Description of the task ▸
Word-for-word transcription: reproduce all of the data, but not the pictures.

(Images for object localization)
###

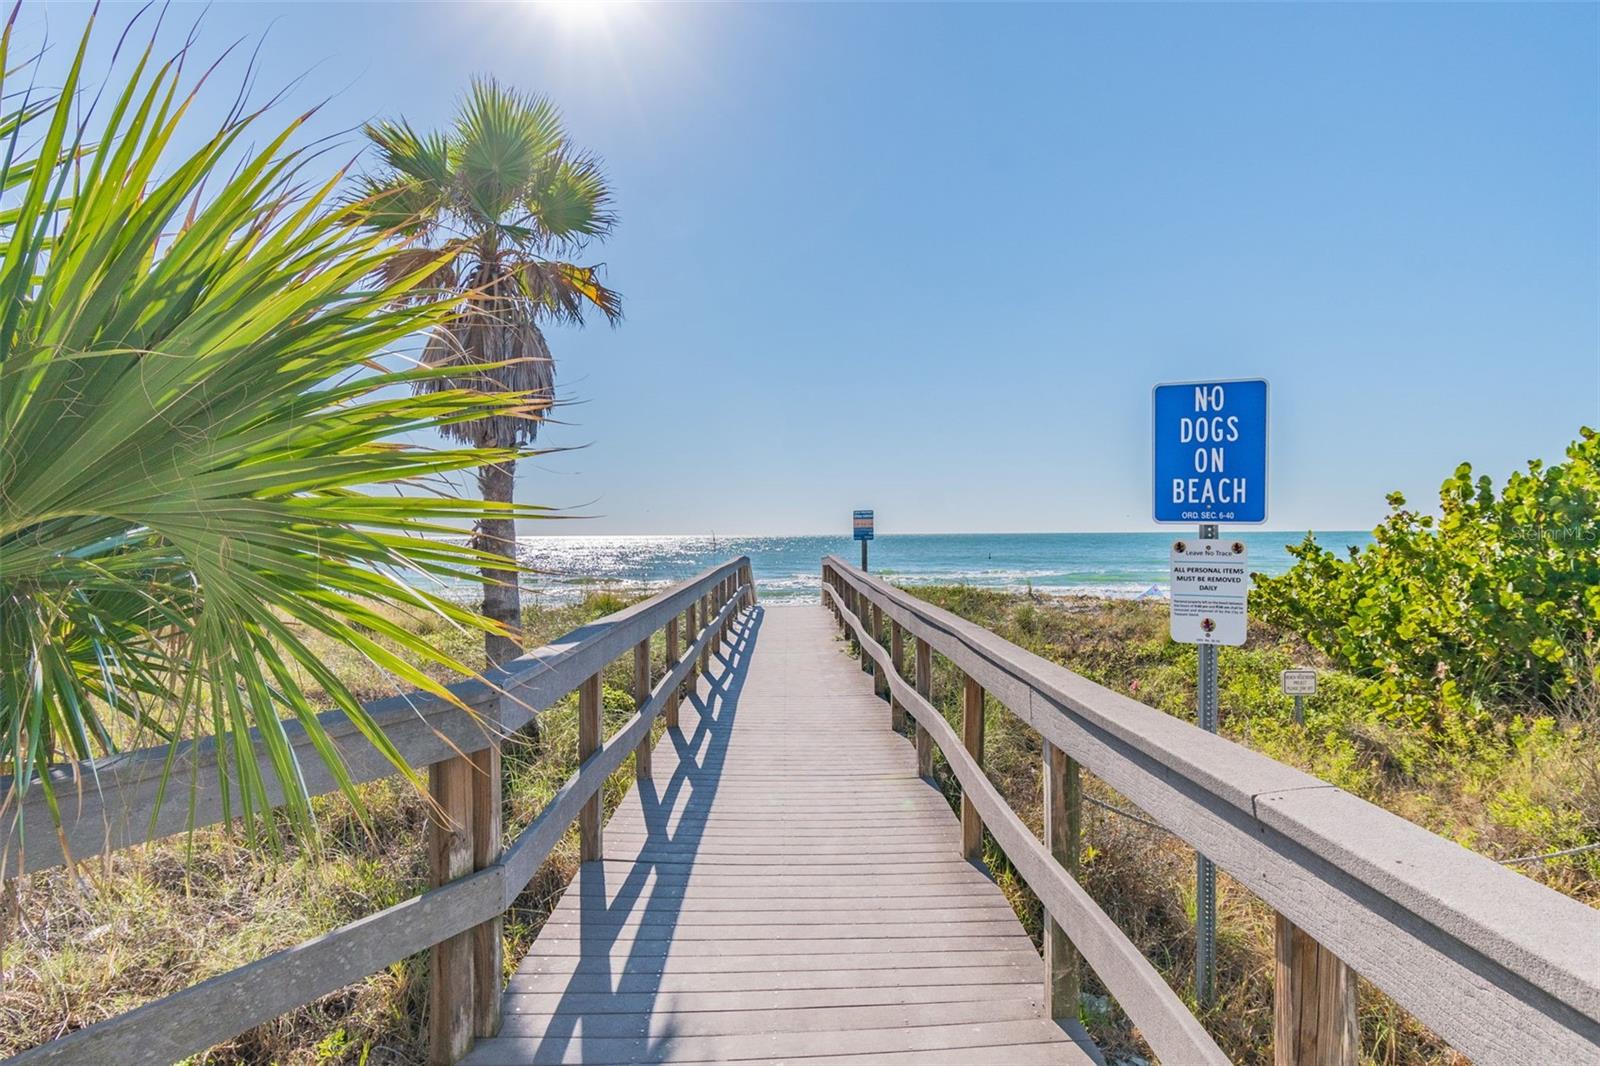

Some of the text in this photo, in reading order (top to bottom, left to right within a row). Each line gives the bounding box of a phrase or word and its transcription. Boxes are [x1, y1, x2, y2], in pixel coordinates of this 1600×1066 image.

[1195, 386, 1224, 412] NO
[1181, 416, 1239, 443] DOGS
[1195, 447, 1224, 473] ON
[1173, 478, 1246, 504] BEACH
[1182, 511, 1235, 520] ORD. SEC. 6-40
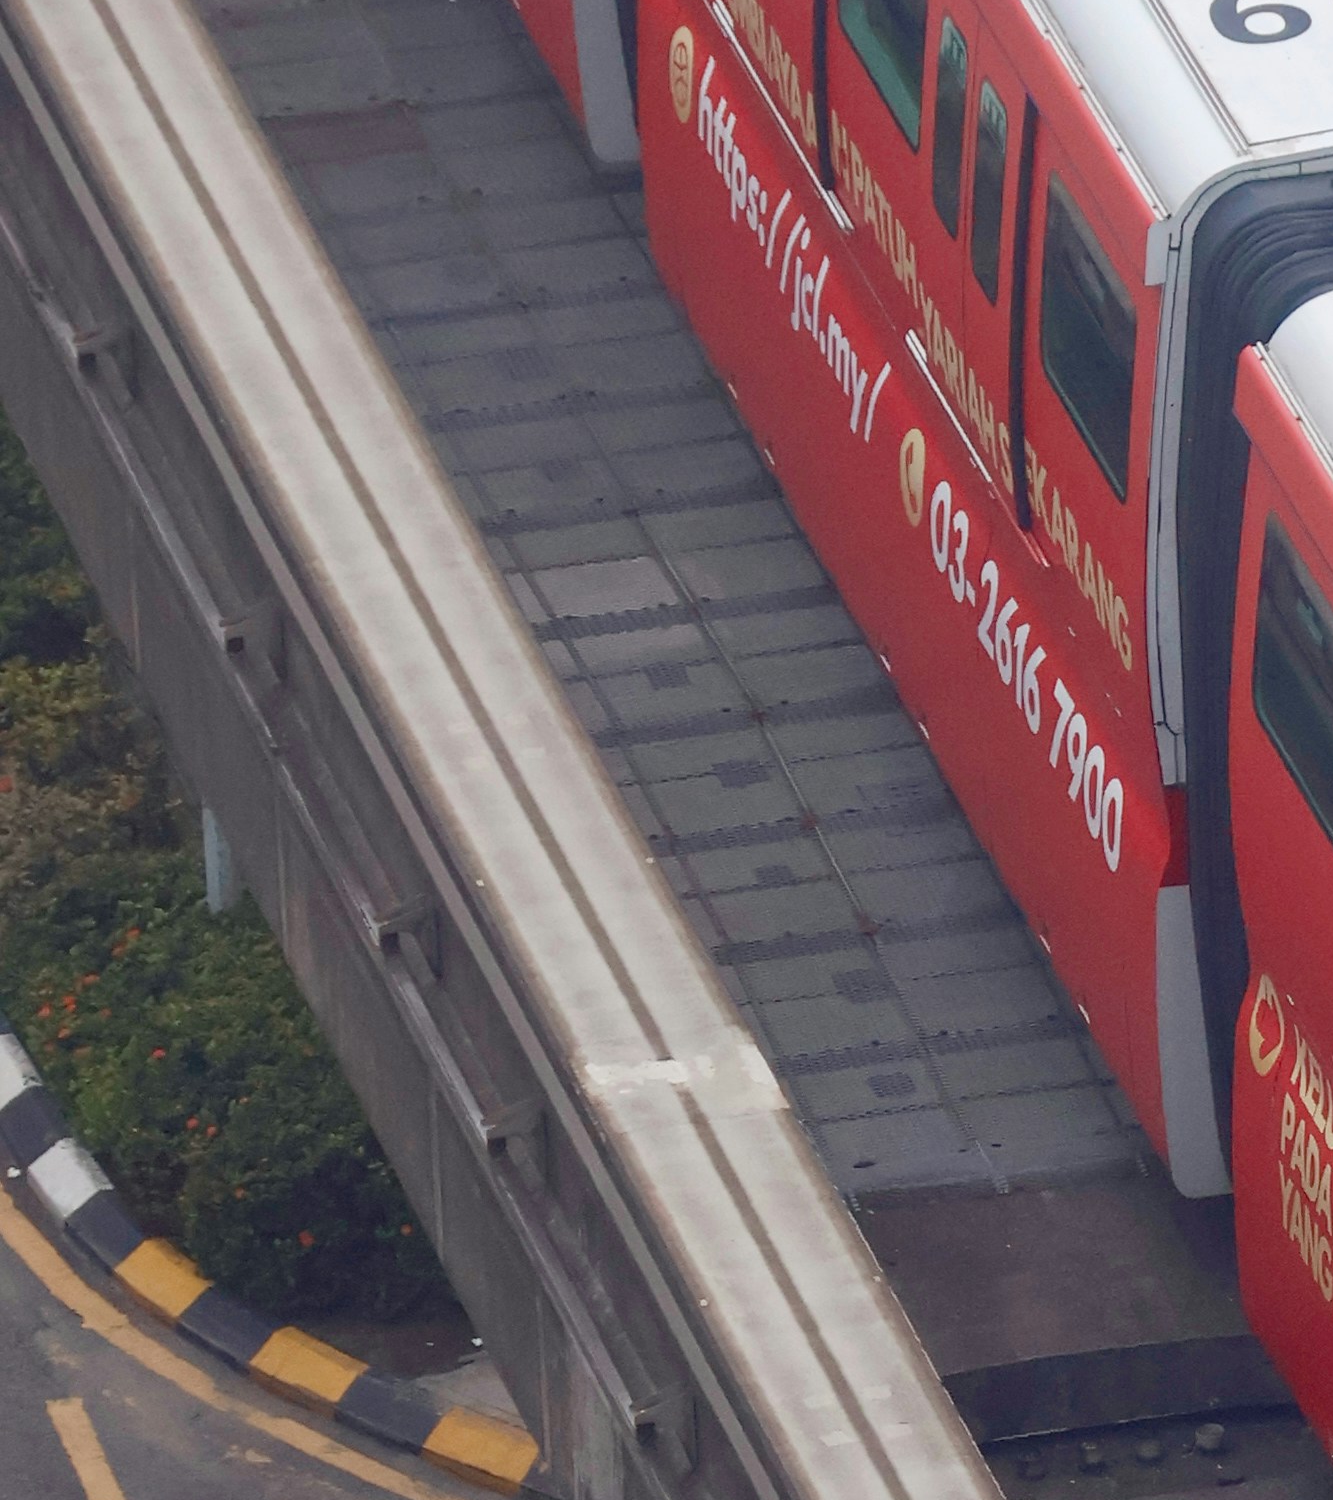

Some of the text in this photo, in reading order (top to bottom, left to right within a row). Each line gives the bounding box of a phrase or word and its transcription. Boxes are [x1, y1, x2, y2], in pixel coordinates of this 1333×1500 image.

[698, 55, 892, 443] https://jcl.my/
[850, 140, 918, 310] PATUH
[930, 479, 1123, 872] 03-2616 7900
[1278, 1160, 1333, 1302] YANG
[1279, 1092, 1333, 1236] PADA

###

Output for this exercise ▸
Some of the text in this photo, in reading order (top to bottom, left to right within a row). Each line gives the bounding box of a phrase or word and its transcription. Boxes are [x1, y1, x2, y2], in pixel coordinates of this 1600×1066 image.

[1195, 386, 1224, 412] NO
[1181, 416, 1239, 443] DOGS
[1195, 447, 1224, 473] ON
[1173, 478, 1246, 504] BEACH
[1182, 511, 1235, 520] ORD. SEC. 6-40

Some of the text in this photo, in reading order (top to bottom, left to right within a row). Each line gives the bounding box of a phrase or word and its transcription. Boxes are [x1, y1, x2, y2], in pixel coordinates of this 1333×1500 image.

[698, 55, 892, 443] https://jcl.my/
[850, 140, 918, 310] PATUH
[930, 479, 1123, 872] 03-2616 7900
[1278, 1160, 1333, 1302] YANG
[1279, 1092, 1333, 1236] PADA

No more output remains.